Zeke appreciated Sam’s matter-of-fact tone. Sam had never met Quint or Joe and wasn’t one to judge people. “I need your help,” Zeke said.

“I’ll tuck a toothbrush in my backpack and be on my way.”

“Thanks.”

“What for?”

“He’s asleep,” Zeke said, as he and Dani stood next to her father’s hospital bed.

Dani shook her head, her small, trim body rigid with tension and fear, neither of which, Zeke knew, she would acknowledge. He and Ira had found her throwing things around her kitchen and holding back tears even as she’d cursed her father to the rafters for sneaking out on her. She took the news about her father-Zeke told her the basics, and Ira supplied the details, what few there were-without a word. Ira had stayed at the Pembroke. Zeke had driven her to the hospital. She’d wanted to drive herself, but he’d prevailed.

“He’s faking it,” she said. She leaned over her father. “Pop, I know you’re not asleep.”

He didn’t answer. He’d just come from the emergency room. His eyes were shut, and there was a grayish cast to his skin, except for the purple and red spots that seemed to seep from the edges of his bandaged head. He’d needed stitches on his forehead and had a bloodied nose where he’d hit a tree when he’d fallen. But Zeke was more interested in the lump at the back of his head. How had it gotten there if he’d pitched forward face-first? If the rain had continued, if he’d tripped before getting to the edge of the woods, if the night watchman hadn’t checked the grounds before going off shift…John Pembroke could have been in worse shape than he was now.

“He shouldn’t have been out there.” Dani stared down at him, managing to look both irritated and terrified. “Pop, you should have gotten some sleep. People do need to sleep, you know.”

Zeke touched her arm. “Dani, maybe we should wait outside.”

“He’s awake, Zeke. He just doesn’t want to face me.”

Under the circumstances, Zeke wasn’t sure he would, either. Her father had no health insurance, but Dani had said she’d sign what she had to sign, write a check, hock the Pembroke-the hospital should concentrate on giving him the care he needed and let her worry about the tab.

Her black eyes were huge and mesmerizing, reminding him of Mattie and Naomi. And their difficult father, for they were Witt eyes. She pulled her arm free. “I give up. I’m going to get some coffee. Pop, no more games when I get back. Stitches or no stitches. I swear I’ll dump a glass of ice water on you if you keep this up.”

When she was safely down the hall, Zeke said, “She’s gone.”

John opened his eyes and managed a weak grin. “I knew she wouldn’t have the patience to wait me out. Think she’d dump ice water on me?”

Zeke grinned. “I wouldn’t doubt her.”

“Probably just what I need. I feel like death warmed over.” He cleared his throat, adjusting his position in the hospital bed, trying to pull himself up. “How close is my daughter to spinning out of control?”
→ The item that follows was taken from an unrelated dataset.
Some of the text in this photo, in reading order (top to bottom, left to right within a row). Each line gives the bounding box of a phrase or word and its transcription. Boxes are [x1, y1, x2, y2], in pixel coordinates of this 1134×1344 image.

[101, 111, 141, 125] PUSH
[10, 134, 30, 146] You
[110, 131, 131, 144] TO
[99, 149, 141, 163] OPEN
“Her willpower keeps her under wraps. She’s scared, John.”

“Yeah. So am I.”

Zeke waited for more, but John looked blankly out the window at the hospital parking lot.

Finally Zeke said, “You didn’t trip.”

John’s dark, hurting eyes focused on Zeke, and he said hoarsely, “No.”
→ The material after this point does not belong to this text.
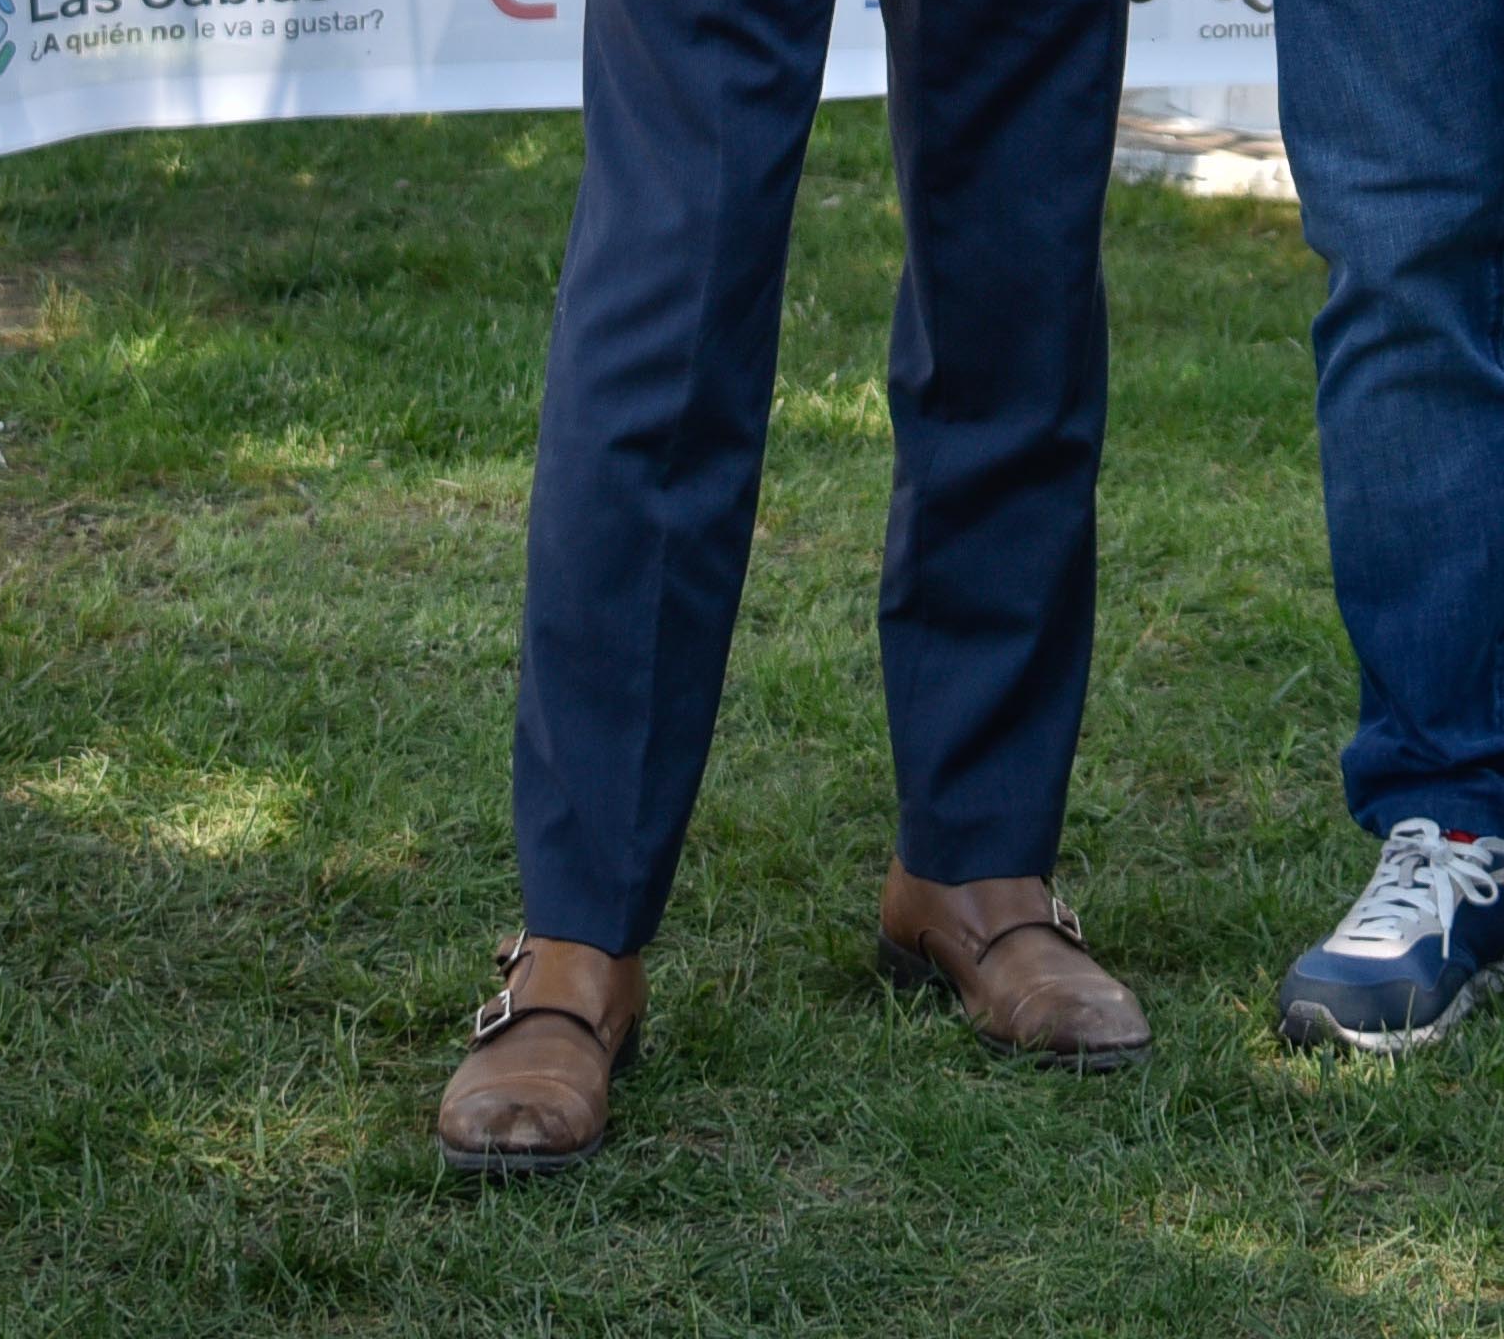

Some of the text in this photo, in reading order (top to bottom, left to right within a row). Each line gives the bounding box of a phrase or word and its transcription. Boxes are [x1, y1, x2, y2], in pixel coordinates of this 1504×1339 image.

[30, 8, 385, 62] ¿A quién no le va a gustar?
“Are you up to telling me what happened?”

“Some jackass bonked me on the back of the head.”

“Did you get a look at him?”

John snorted. “Before or after I saw stars?”

Zeke straightened, resisting the urge to press and press hard for information. He couldn’t tell if the man lacked the energy and focus to explain what had happened due to his injuries, or simply refused to tell Zeke-a stranger with his own agenda-anything.

“Look,” Zeke said, “I have no intention of meddling where I’m neither wanted nor needed. You and your daughter can handle your own problems if that’s what you want. I’ll stay out of your way.”

John grabbed his wrist. “No, Zeke.”

Zeke was silent, waiting.

“I went out to the rocks where Dani found the gold key. Someone either followed me or more likely was out there, too. If it had been Dani instead of me…” He inhaled, and the terror that had been in his daughter’s eyes now was in his. “Maybe she’d have been killed, maybe not.”

“I’ll go out there and have a look.”

“This is your business. You know you won’t find anything.”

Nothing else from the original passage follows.